There continues to be a downward trend in CPAP and bilevel reimbursement, and in light of the pending oxygen reimbursement cuts from Medicare, dealers will be forced to look closely at their current service models. The clinical component of CPAP and bilevel therapy is one of the most costly areas in the delivery of those products. We are starting to see new delivery models that are driven by reimbursement. Presently, there are providers mailing CPAP units to patients with instruction material, rather than using a clinician to provide the initial setup. In this model, clinical assistance is made available at a patient’s request, thereby reducing costs. Other service models require patients to come in to the provider’s office to a “sleep fitting room.” This allows one clinician to service many more patients than they could in a traditional delivery model, where a home care practitioner visits patients in their homes.
We also are anticipating some shifts in the area of sleep diagnostics. Recently, CMS invited comments on the modification of coverage guidelines to allow home testing for the evaluation of OSA. The technology is there for portable/unattended home studies; the challenge will be in establishing a protocol to determine which patients are appropriate for home studies.
How is Invacare planning on responding to those trends?
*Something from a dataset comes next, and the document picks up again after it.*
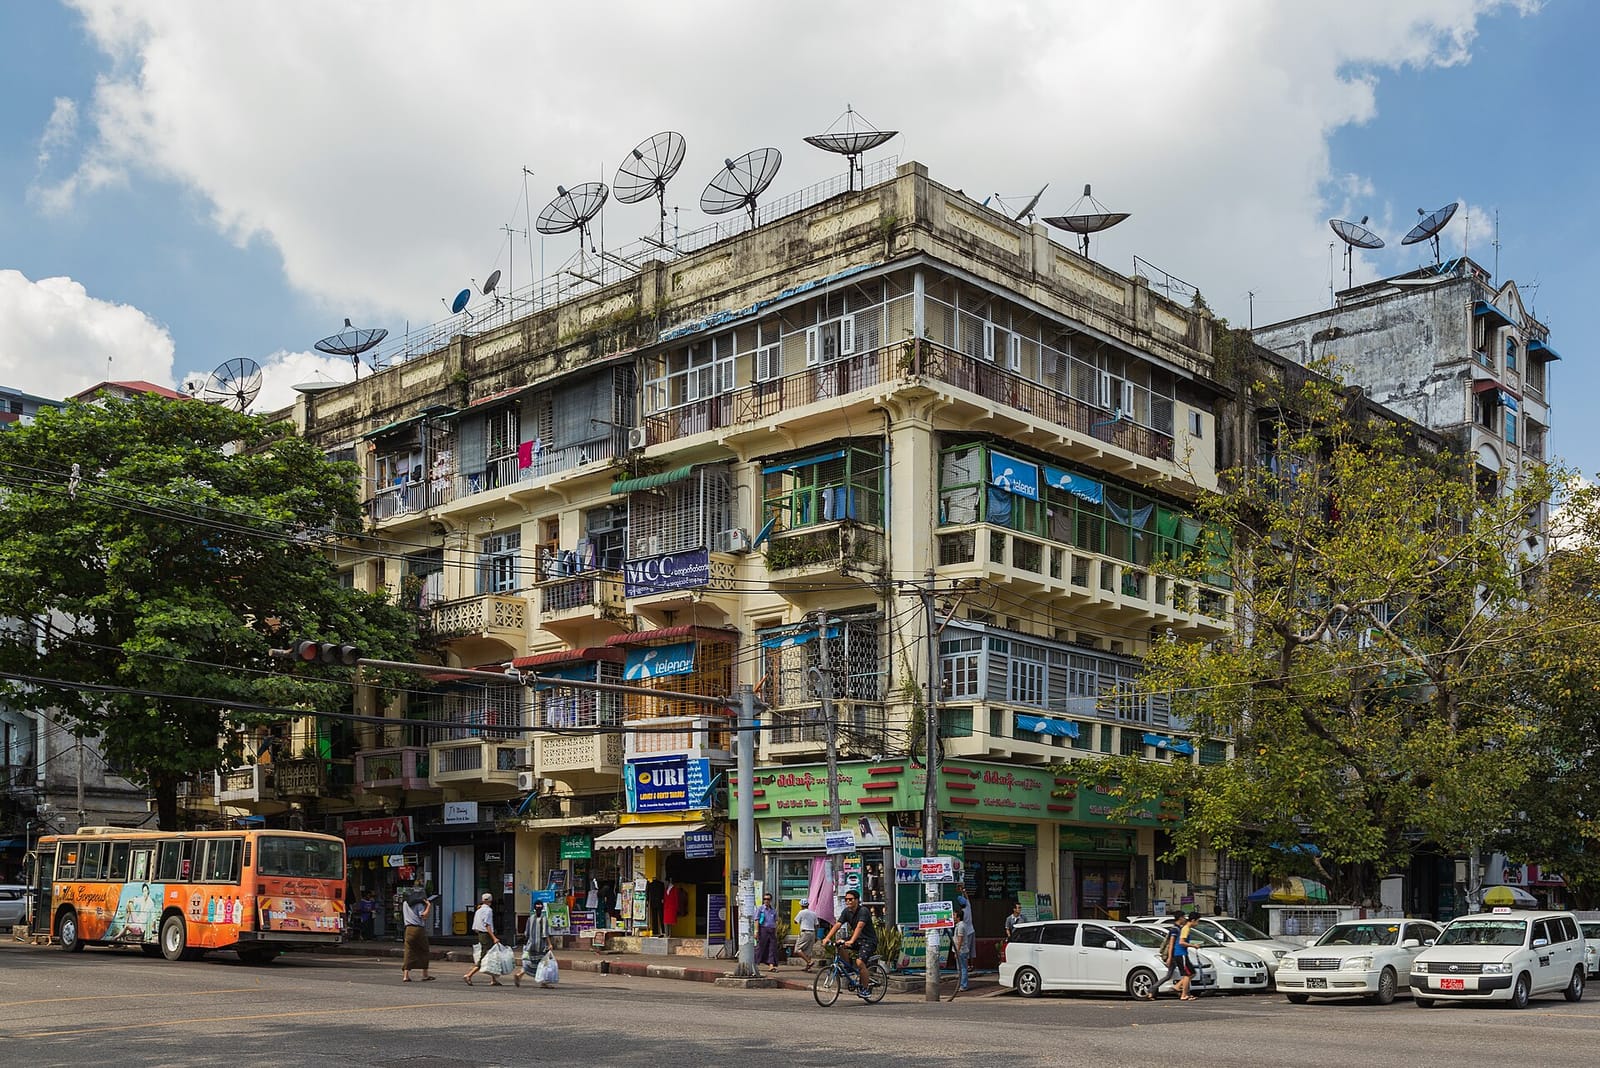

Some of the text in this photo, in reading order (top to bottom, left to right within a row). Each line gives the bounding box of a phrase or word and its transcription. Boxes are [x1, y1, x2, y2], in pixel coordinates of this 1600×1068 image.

Our focus will be on offering equipment that provides effective treatment for patients and profitability for dealers. One of the biggest concerns for both patients and providers is compliance. Patients want to be compliant with their therapy, and dealers are being asked to provide compliance information to physicians/sleep laboratories. The challenge is to provide a product that does both without driving up the costs associated with new technology. Our first major stab at this challenge is our Polaris™ EX™ CPAP with SoftX™. The Polaris EX is focused on patient comfort by reducing expiratory discomfort. It also provides real-time compliance information in a quick, simple, and inexpensive way.
We also are evaluating current technologies for ambulatory/home diagnostics and how these devices may fit into our overall sleep business plan.
Where do you see that market going in the future?
Again, in-home or some form of remote, nontraditional studies seem to be on the horizon. In conjunction with this, the use of auto-titrating or “smart CPAPs” may be gaining popularity. Compliance monitoring will become a very controversial topic. With shrinking reimbursement, determinations will have to be made on how and when we monitor compliance and who is responsible.